After months of trying to energize the yuan, the People’s Bank of China has exhausted most of its policy tools, leaving it with some hard choices.
The yuan now trades at 7.24 against the US dollar, a softer position brought on by a 12% rally in the American currency this year that has pushed the yuan close to the weakest extremes of its trading band.
The more the yuan struggles, the more the likelihood of extreme measures looms into view. Already there are signs that China is intervening in foreign exchange markets, like Japan has done.
Other drastic measures include a one-time revaluation of the yuan, an aggressive move that could be a detriment to China’s hopes of internationalizing its currency.
Almost every measure available to China will likely have a downside that includes draining the country’s foreign reserves and giving the country the reputation of a heavy-handed closed market.

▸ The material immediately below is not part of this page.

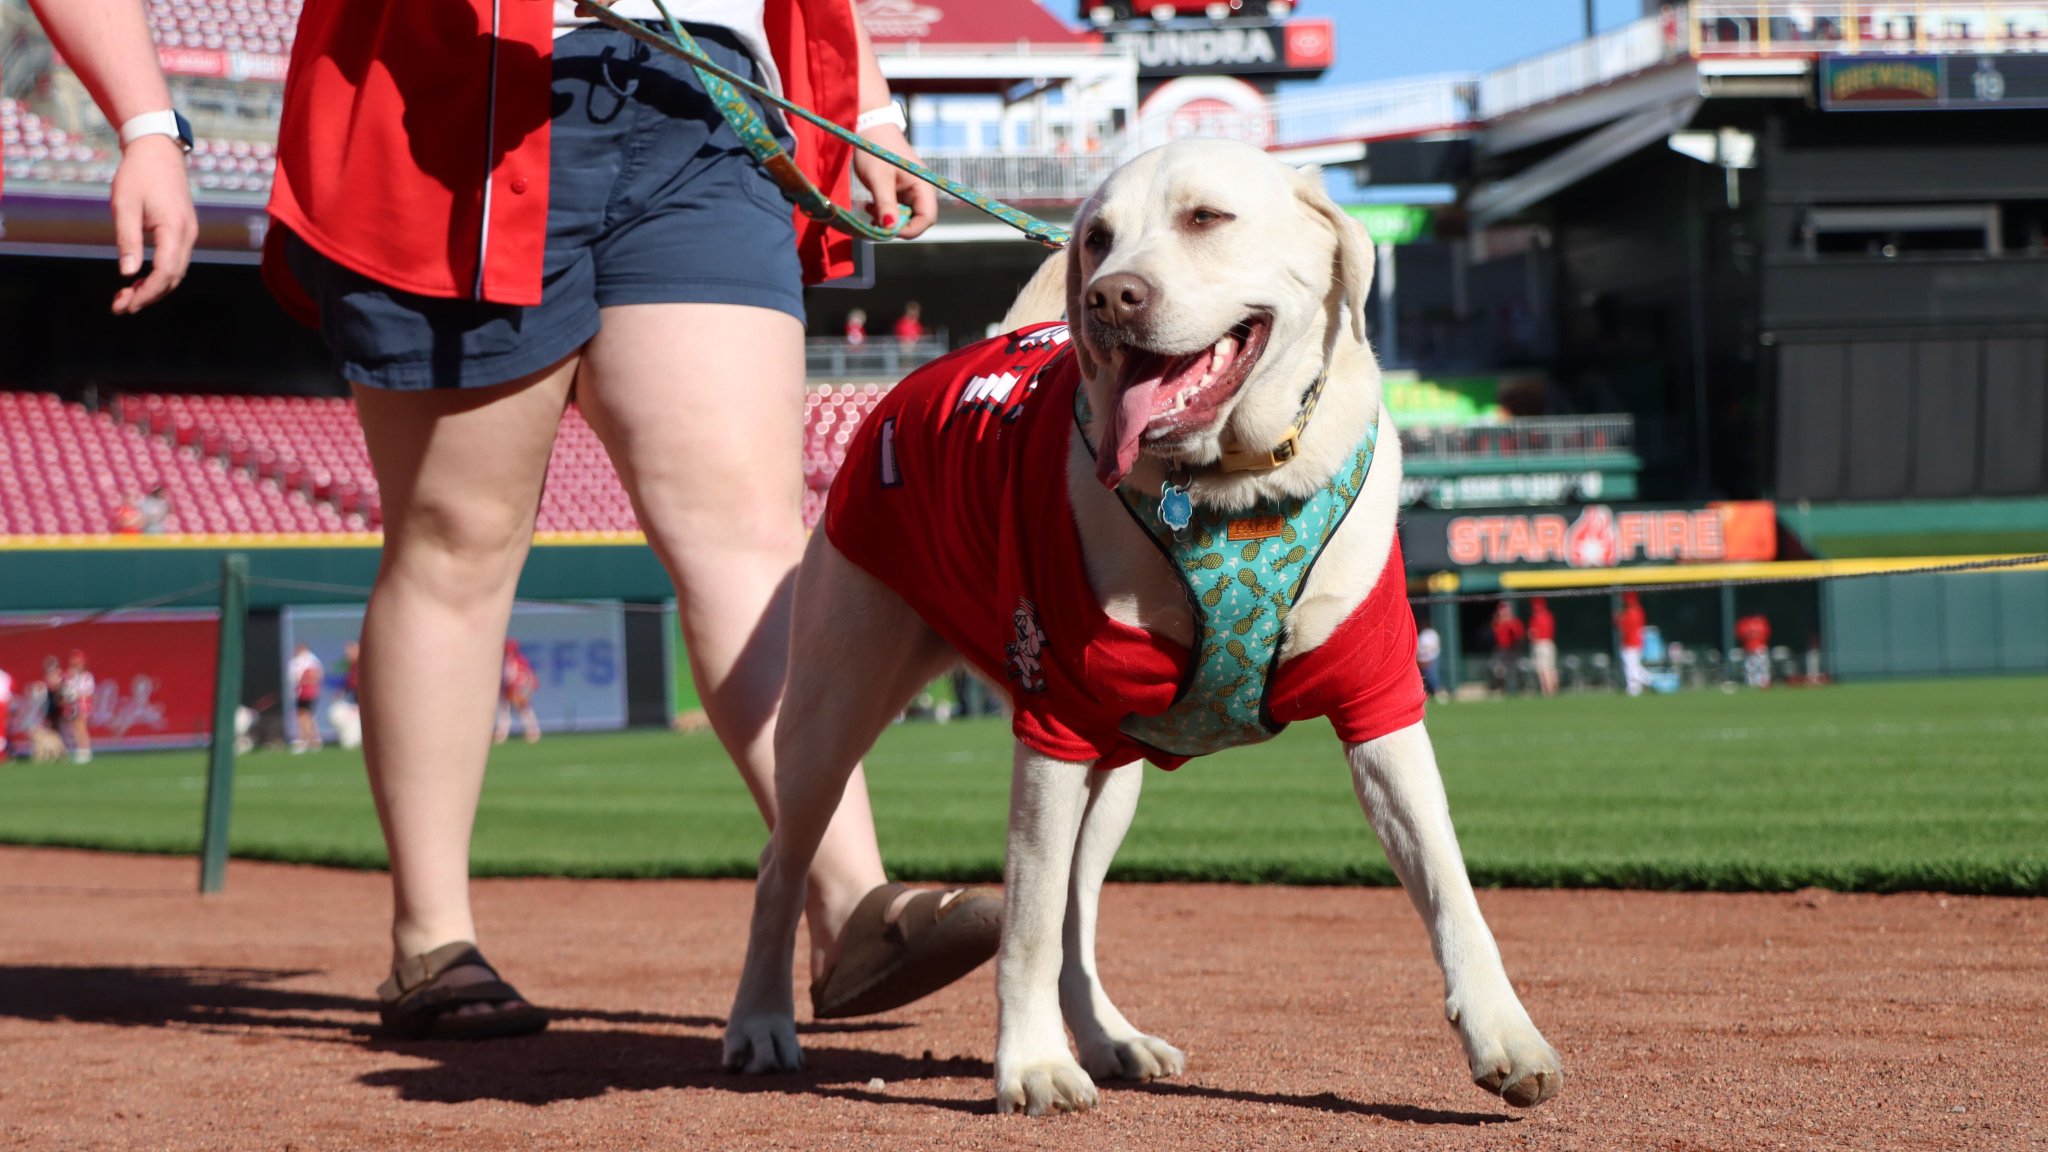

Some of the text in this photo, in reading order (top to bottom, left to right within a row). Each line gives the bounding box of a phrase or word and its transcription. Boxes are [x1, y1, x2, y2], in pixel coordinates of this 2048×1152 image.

[1113, 28, 1276, 67] TUNDRA
[1448, 509, 1725, 564] STAR FIRE

What does this mean for me?
It has been tough for most countries to rally against a strong dollar this year. The greenback has steamrolled almost every other currency, casting the yuan’s relatively modest slide in a good light.
One defense mechanism China has rolled out has been to give state-owned banks the ability to sell dollars, which firms have snapped up in favor of the yuan, as it makes their import spend more predictable.
The obvious drawback of this approach is that it erodes China’s foreign exchange reserves, a situation the country would rather avoid in case of another financial shock.